Directions for this task: Transcribe the records below in full; pictures stay out of the copy.

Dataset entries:
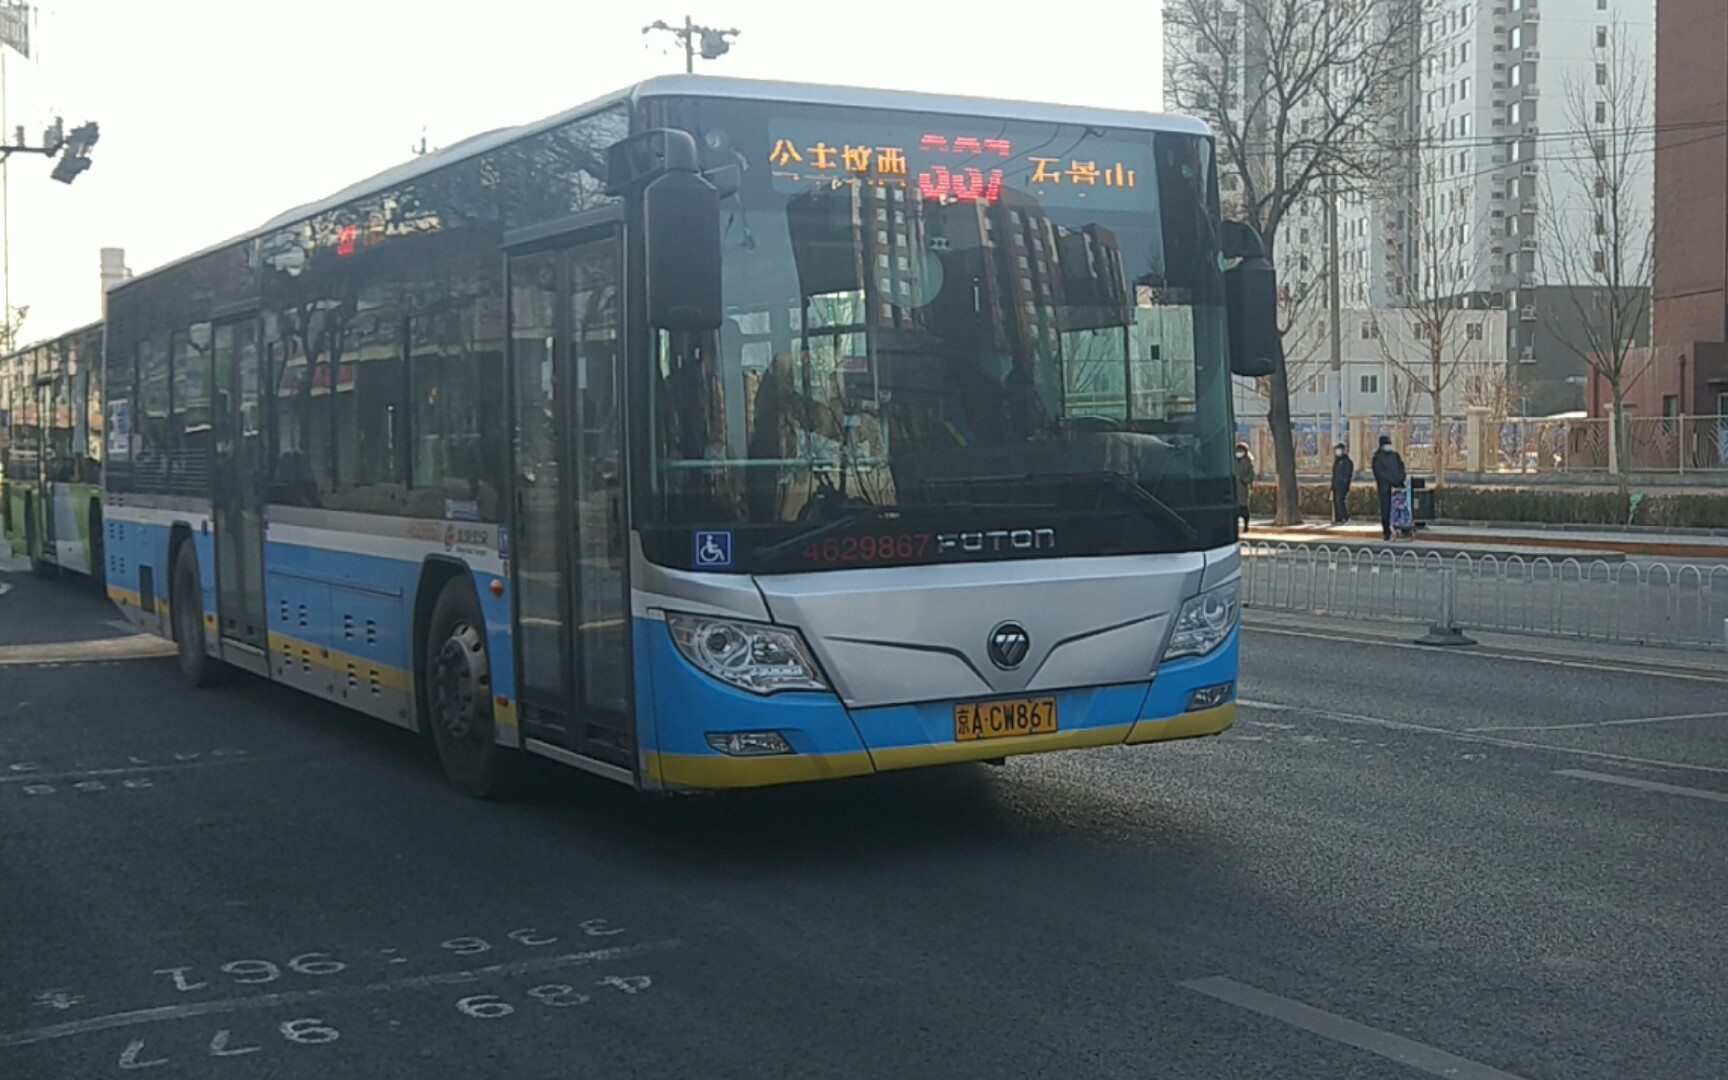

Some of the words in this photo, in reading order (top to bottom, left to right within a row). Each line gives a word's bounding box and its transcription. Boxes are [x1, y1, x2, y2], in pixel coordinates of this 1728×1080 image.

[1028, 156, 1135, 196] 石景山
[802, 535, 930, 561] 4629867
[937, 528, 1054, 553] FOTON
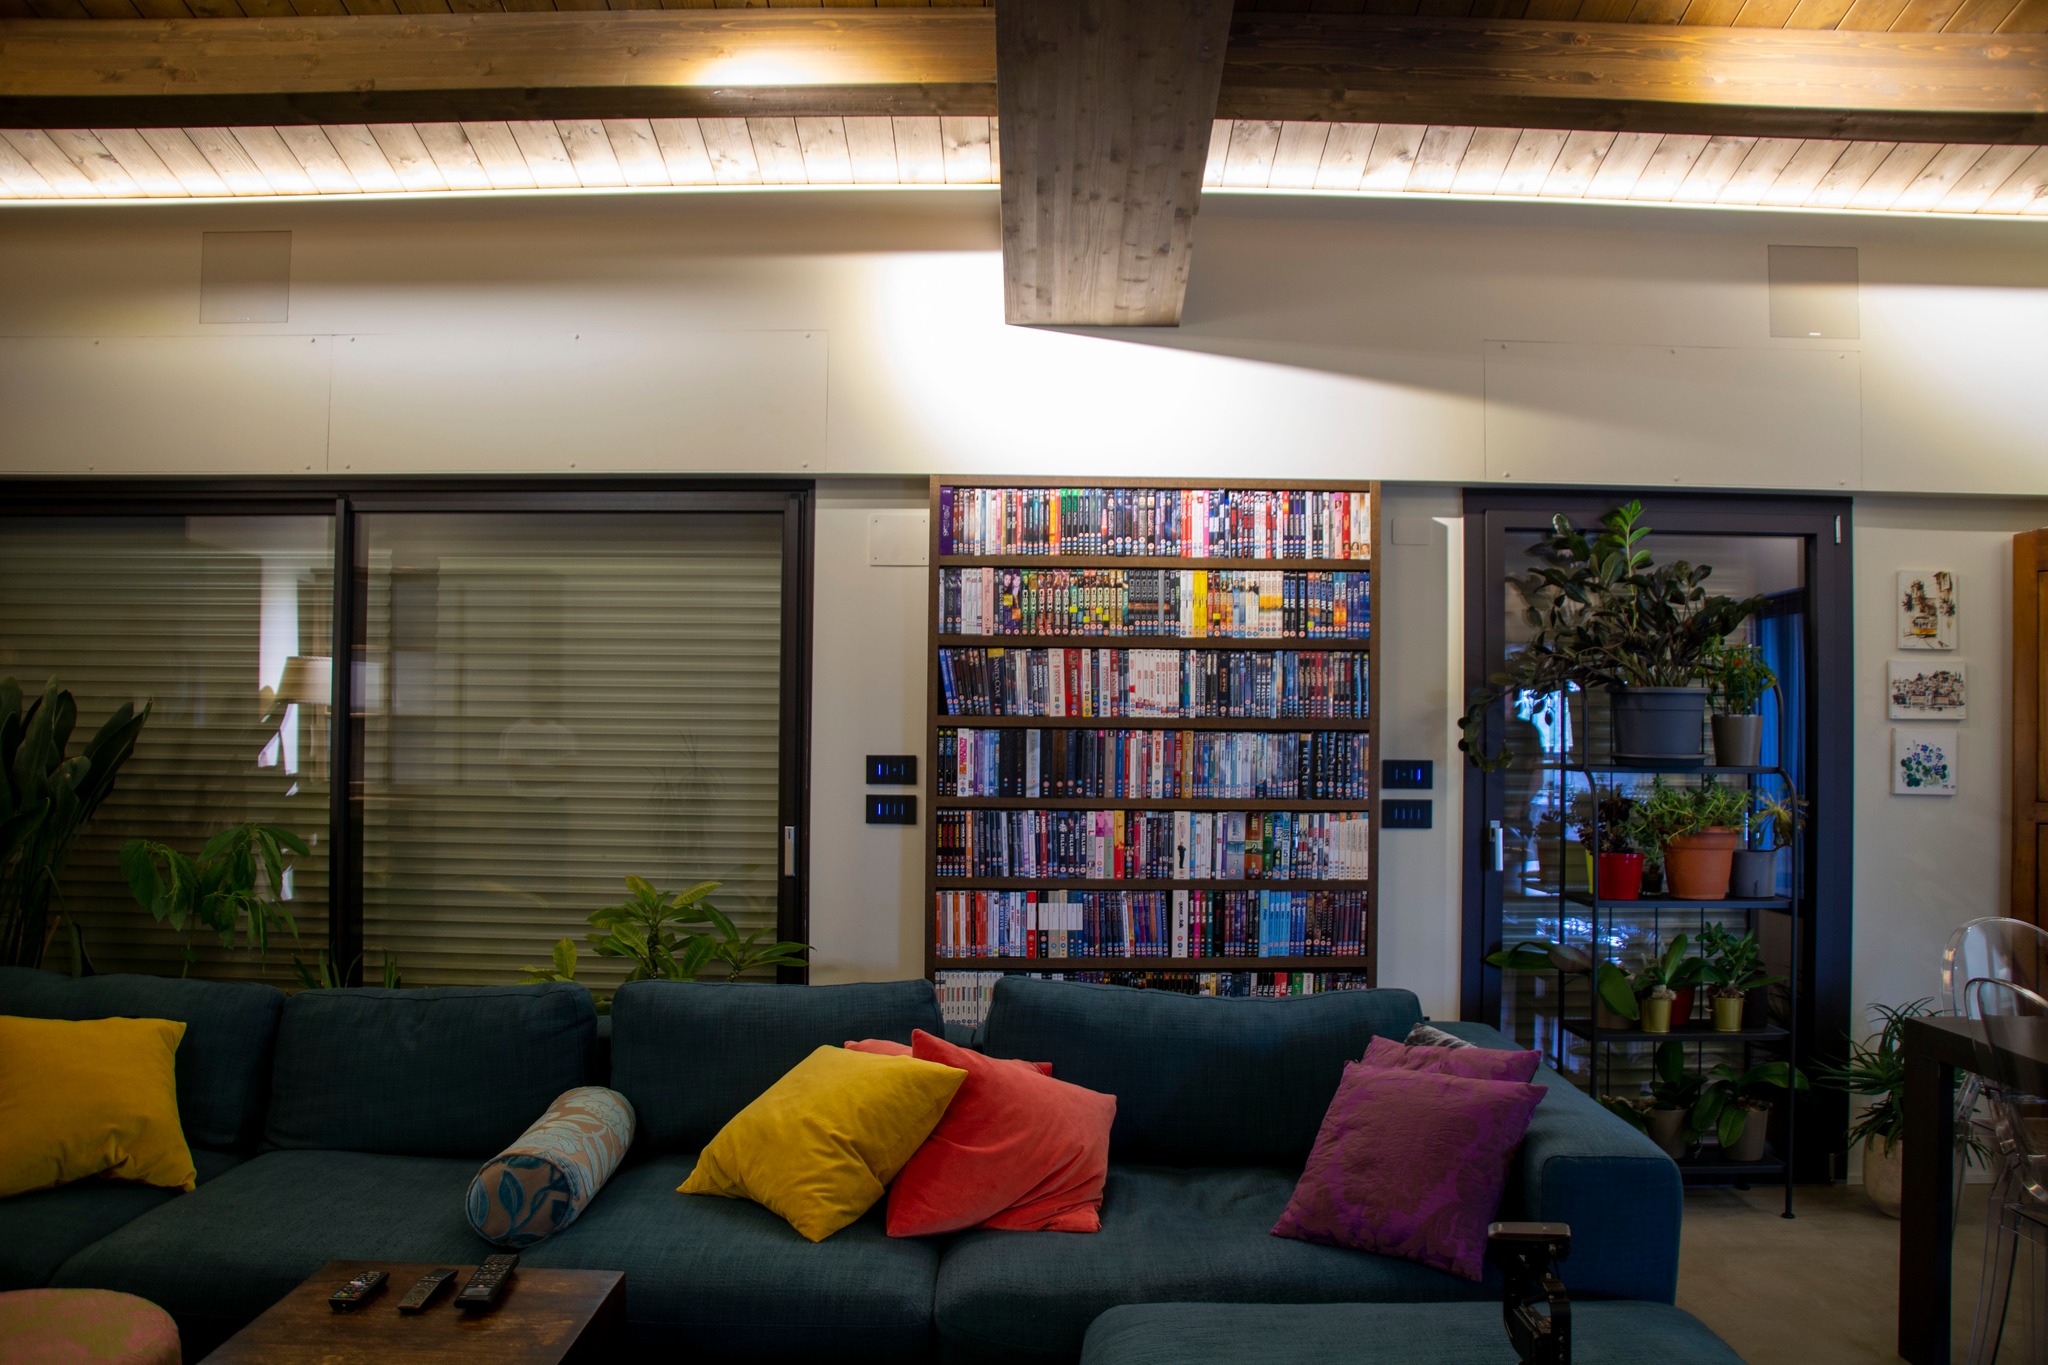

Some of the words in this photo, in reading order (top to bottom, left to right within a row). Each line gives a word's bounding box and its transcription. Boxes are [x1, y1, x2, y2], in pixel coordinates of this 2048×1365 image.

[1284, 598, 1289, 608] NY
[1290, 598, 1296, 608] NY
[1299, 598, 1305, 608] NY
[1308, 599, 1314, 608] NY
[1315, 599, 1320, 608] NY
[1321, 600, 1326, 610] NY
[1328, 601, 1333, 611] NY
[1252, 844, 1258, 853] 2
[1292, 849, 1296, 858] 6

Solution to this problem:
Some of the words in this photo, in reading order (top to bottom, left to right within a row). Each line gives a word's bounding box and its transcription. Boxes are [x1, y1, x2, y2], in pixel coordinates of this 1728×1080 image.

[1028, 156, 1135, 196] 石景山
[802, 535, 930, 561] 4629867
[937, 528, 1054, 553] FOTON

Some of the words in this photo, in reading order (top to bottom, left to right within a row). Each line gives a word's bounding box and its transcription. Boxes are [x1, y1, x2, y2], in pixel coordinates of this 2048×1365 image.

[1284, 598, 1289, 608] NY
[1290, 598, 1296, 608] NY
[1299, 598, 1305, 608] NY
[1308, 599, 1314, 608] NY
[1315, 599, 1320, 608] NY
[1321, 600, 1326, 610] NY
[1328, 601, 1333, 611] NY
[1252, 844, 1258, 853] 2
[1292, 849, 1296, 858] 6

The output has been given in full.